For many years, the details of the Chernobyl disaster were shrouded in mystery. The Soviets vehemently denied and purposefully obfuscated exactly what happened at Chernobyl, and westerners were allowed to see little of what transpired behind the Iron Curtain. Since the fall of the Soviet Union, more and more documents have been released, and we now have a clearer picture of the 1986 disaster and its aftermath.
While the events of Chernobyl were tragic, they could have been so much worse if not for the efforts of the brave first responders who contained the disaster. In covering up the disaster's true scope, the USSR also buried some of these heroic stories, including the stories of the Chernobyl suicide squad, three workers who risked their own lives to prevent an apocalyptic event.

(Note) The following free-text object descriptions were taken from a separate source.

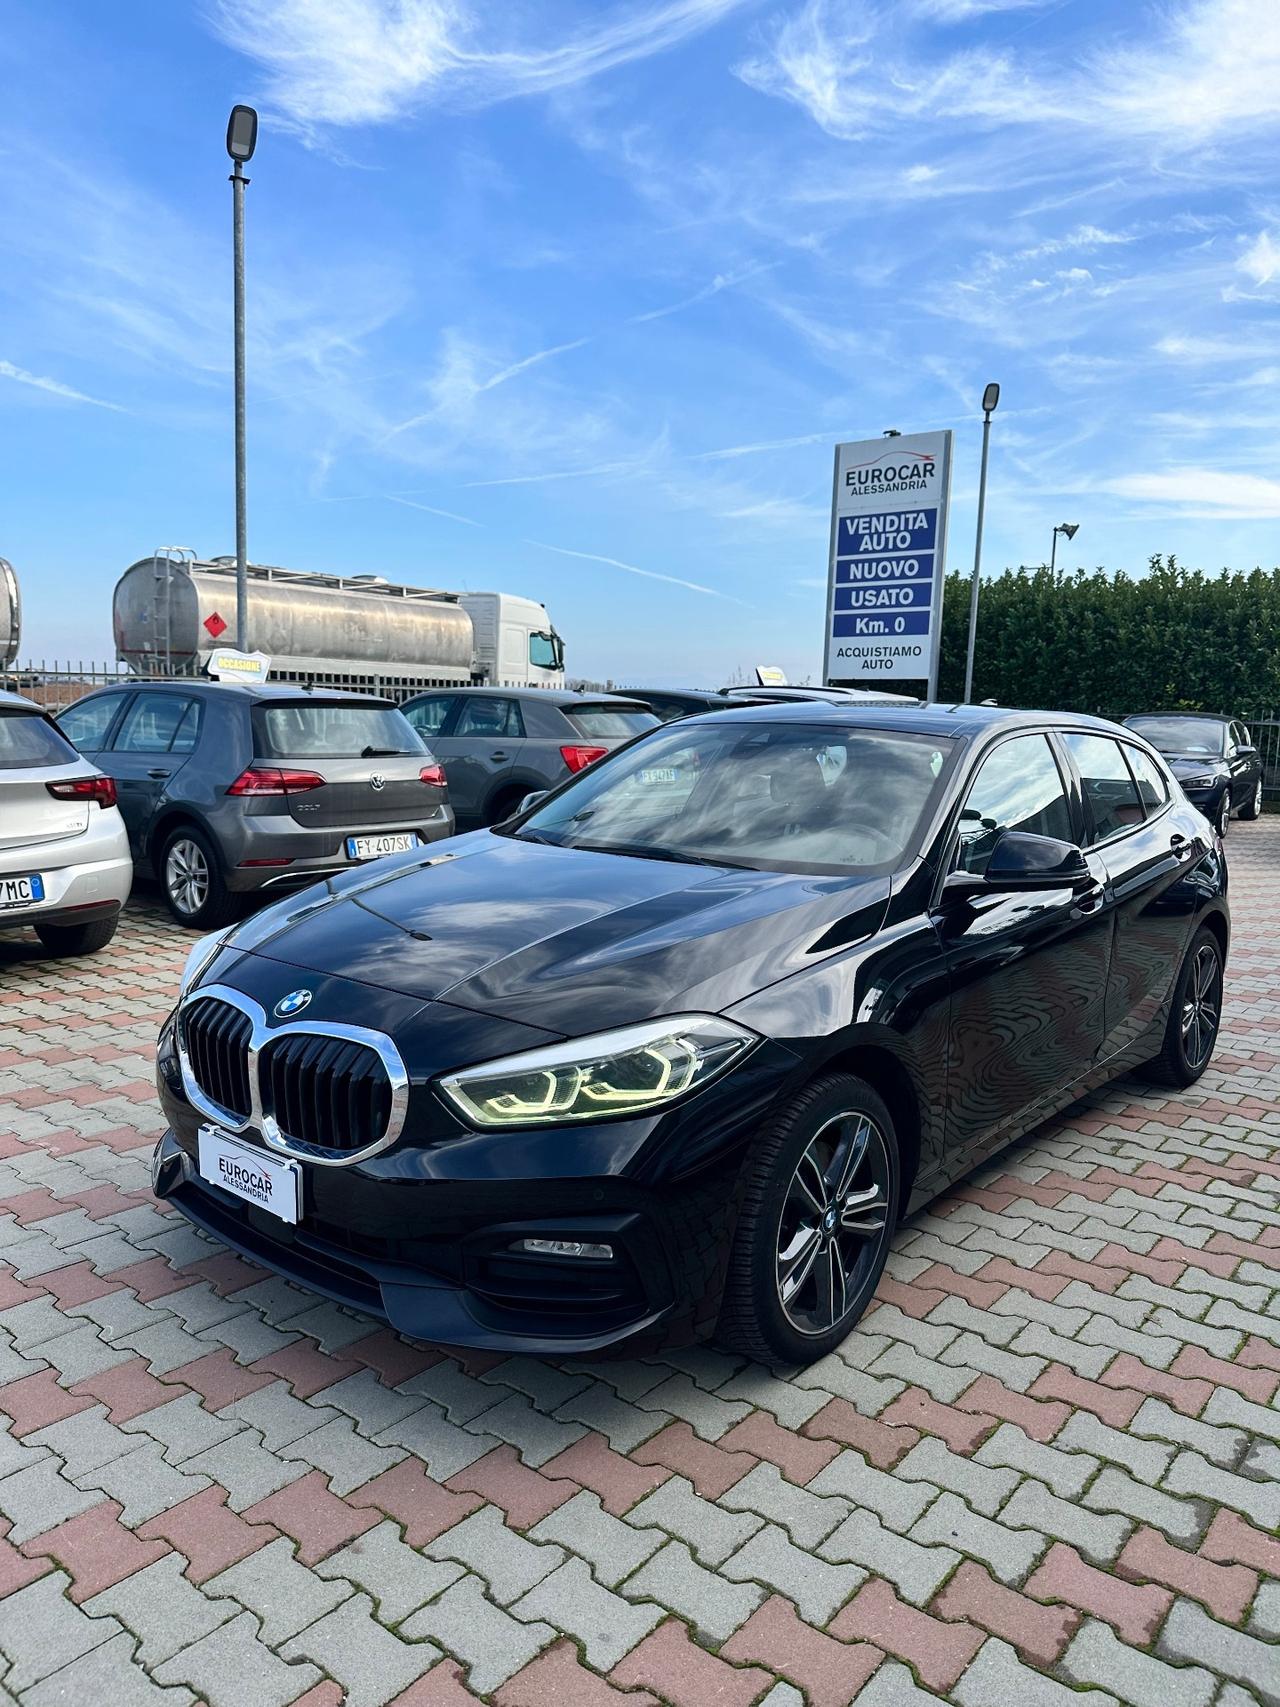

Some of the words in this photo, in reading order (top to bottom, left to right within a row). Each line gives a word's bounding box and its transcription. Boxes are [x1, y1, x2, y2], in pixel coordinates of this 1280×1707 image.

[846, 462, 935, 486] EUROCAR
[851, 480, 927, 496] ALESSANDRIA
[846, 513, 928, 535] VENDITA
[859, 532, 911, 551] AUTO
[850, 559, 919, 579] NUOVO
[851, 588, 914, 607] USATO
[855, 618, 889, 634] Km.
[894, 617, 905, 632] 0
[837, 646, 922, 658] ACQUISTIAMO
[218, 657, 261, 672] OCCASIONE
[861, 659, 894, 670] AUTO
[219, 1157, 272, 1195] EUROCAR
[223, 1175, 269, 1203] ALESSANDRIA
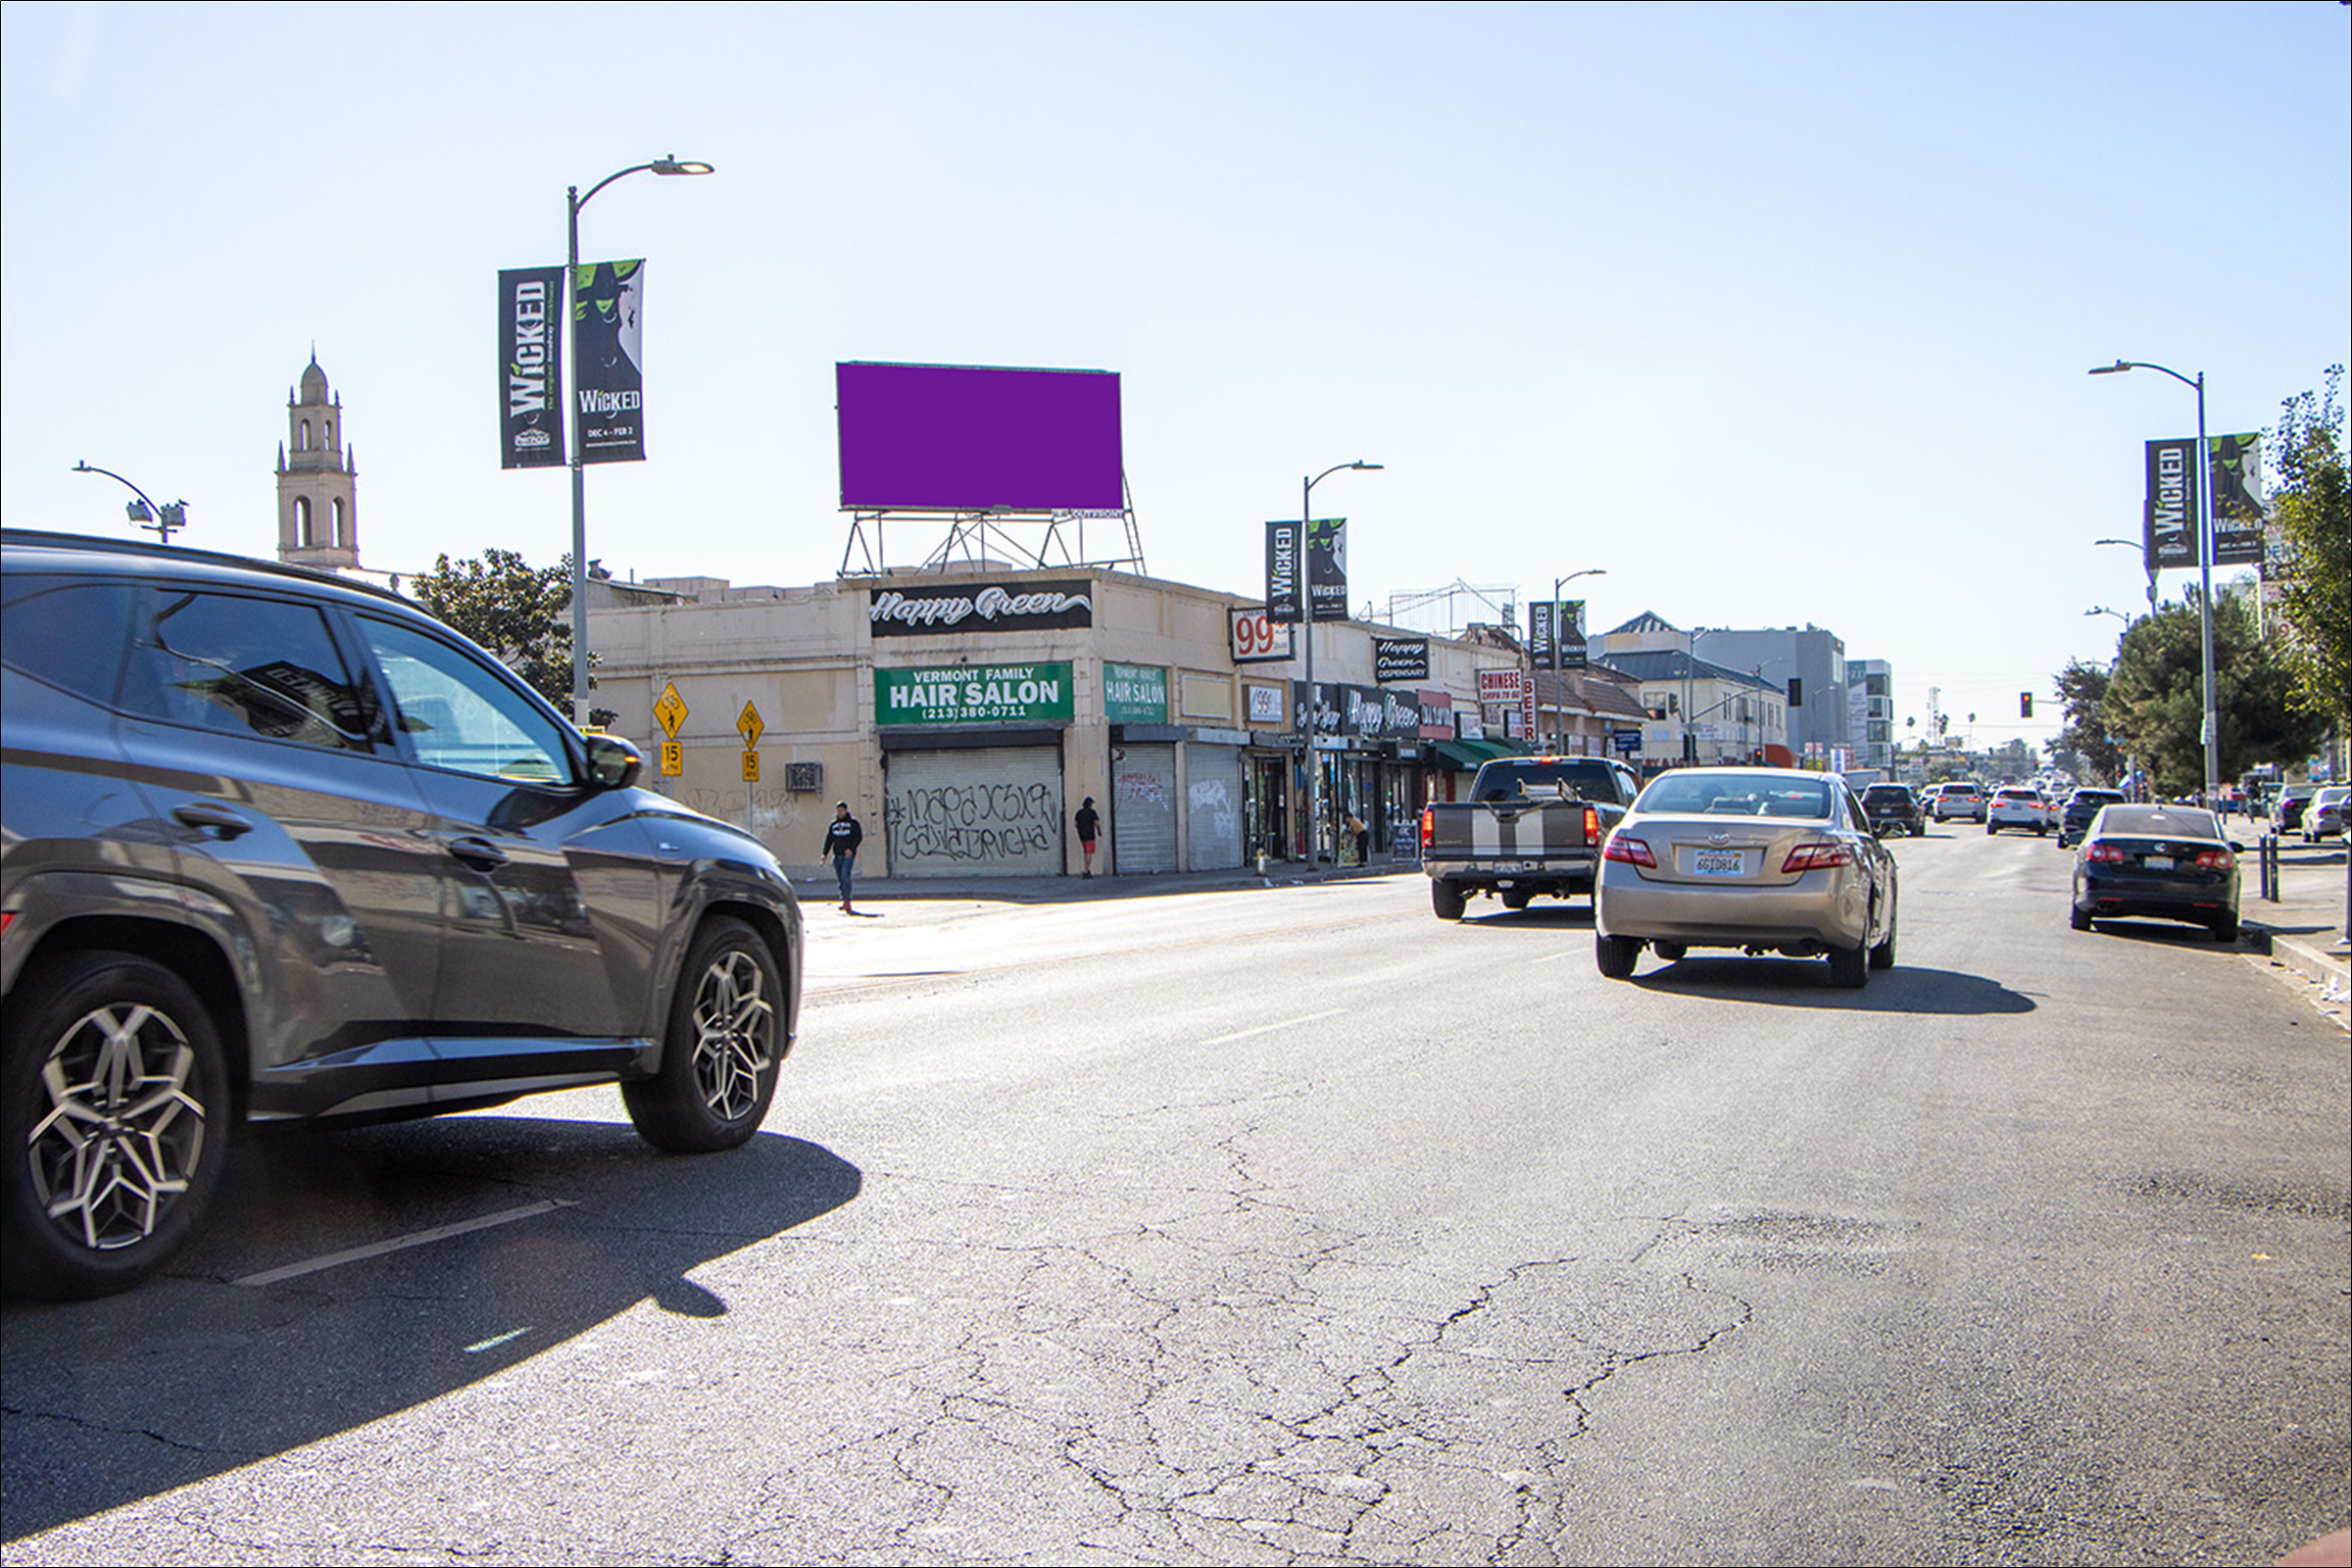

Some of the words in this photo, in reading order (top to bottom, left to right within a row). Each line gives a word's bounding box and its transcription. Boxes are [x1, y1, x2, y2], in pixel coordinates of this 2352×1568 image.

[868, 591, 974, 627] Happy
[975, 586, 1092, 621] Green
[1379, 641, 1425, 656] Happy
[1377, 656, 1426, 668] Green
[913, 669, 979, 683] VERMONT
[985, 667, 1035, 681] FAMILY
[1481, 672, 1520, 690] CHINESE
[890, 683, 957, 709] HAIR
[964, 680, 1059, 706] SALON
[1105, 680, 1132, 703] HAIR
[1133, 683, 1165, 705] SALON
[1523, 680, 1535, 740] BEER
[665, 745, 679, 761] 15
[746, 755, 757, 769] 15
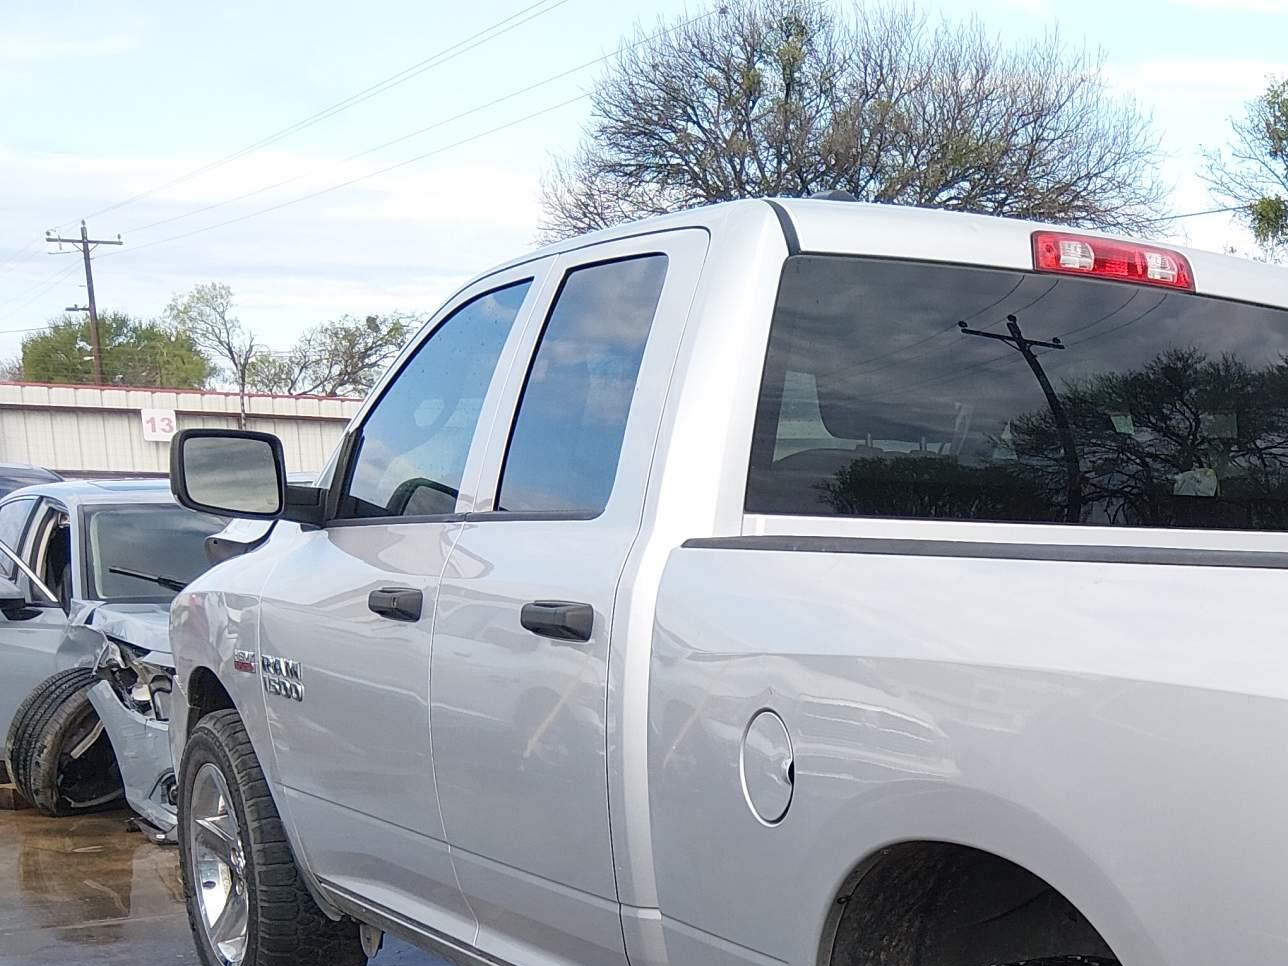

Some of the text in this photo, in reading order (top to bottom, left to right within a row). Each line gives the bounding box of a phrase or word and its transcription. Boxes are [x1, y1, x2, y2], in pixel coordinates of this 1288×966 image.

Alexei Ananenko, Valeri Bezpalov, and Boris Baranov (posthumously) were awarded the Ukrainian Order For Courage in 2018, but for many years their story was left untold. Modern reporting and dramatizations like HBO's series Chernobyl have shone a light on their sacrifices.
Beneath Chernobyl was a corridor that housed a dizzying array of valves and pipes, including the pressure release valve for the coolant system, but the valves were not well differentiated. In his book Chernobyl 01:23:40, Andrew Leatherbarrow writes: "The men entered the basement in wetsuits, radioactive water up to their knees, in a corridor stuffed with myriad pipes and valves... it was like finding a needle in a haystack."
And yet, find it they did, by locating a pipe and following that to the correct valve.
As the bubbler pools drained, the Chernobyl workers celebrated. They had avoided a truly catastrophic disaster. However, while the danger was minimized, it wasn't truly over. The reactor core was still burning and while it was less likely, there was still a possibility that it would burn straight through the concrete building and make contact with the groundwater below.
In order to prevent this, the Soviets gathered up all the liquid nitrogen in the Soviet Union and started to pump it into the ground underneath Chernobyl. The idea was to freeze the ground using a heat exchanger and to prevent the core from reaching the water. Unable to use drills for fear of disturbing the plants foundations, miners were sent in with hand tools. These miners were given no protective gear, and some perished in the extreme radioactivity.
In the end, the core cooled to an acceptable temperature before the Soviets even had an opportunity to turn the heat exchanger on.
For the workers on the ground, there was no certainty they would evade complete devastation. Many of them knew what would happen if the molten core met the water supply, but they didn't know whether the team would be able to reach the valves in time.
Ananenko recalled the moments after the team successfully reached the valve and dumped the water supply: "Everyone at the Chernobyl NPS was watching this operation. When the searchlight beam fell on a pipe, we were joyous: The pipe led to the valves. We heard the rush of water out of the tank. And in a few more minutes we were being embraced by the guys."
One thing that HBO's Chernobyl got right was the horrific effects of radiation exposure. The Chernobyl disaster unleashed more radioactive energy than the atomic device at Hiroshima, and the workers who survived often did so at tremendous cost. Many of them perished in improvised hospital beds, suffering burns and the other effects of radiation exposure (something HBO took great pains to depict accurately).
Even the people who were vaporized on the spot during the explosion may have been the lucky ones. The lingering illnesses were the worst, as heartbreaking accounts from those affected attest. A former serviceman who was sent to work on the site reported:
I'm not afraid of [perishing] anymore... My friend [passed]. He got huge, fat, like a barrel. And my neighbor - he was also there, he worked a crane. He got black, like coal, and shrunk, so that he was wearing kids' clothes. I don't know how I'm going to [pass]. I do know this: you don't last long with my diagnosis. But I'd like to feel it when it happens. Like if I got [struck] in the head. I was in Afghanistan, too. It was easier there. They just [fired at] you.
If the story of the three Chernobyl divers is a story of heroic bravery and success, the story of Alexander Akimov and Leonid Toptunov is a story of tragic and pointless passing. Shortly after the initial explosion that rocked the plant, Akimov and Toptunov were convinced that a closed valve was preventing coolant flow to the reactor.
No less brave than their colleagues, they struggled to reach the valve and spent hours waist-deep in water far more radioactive than it would be just a couple days later. They were attempting to pump water into the reactor, but their efforts were in vain. They both perished from the effects of radiation days after.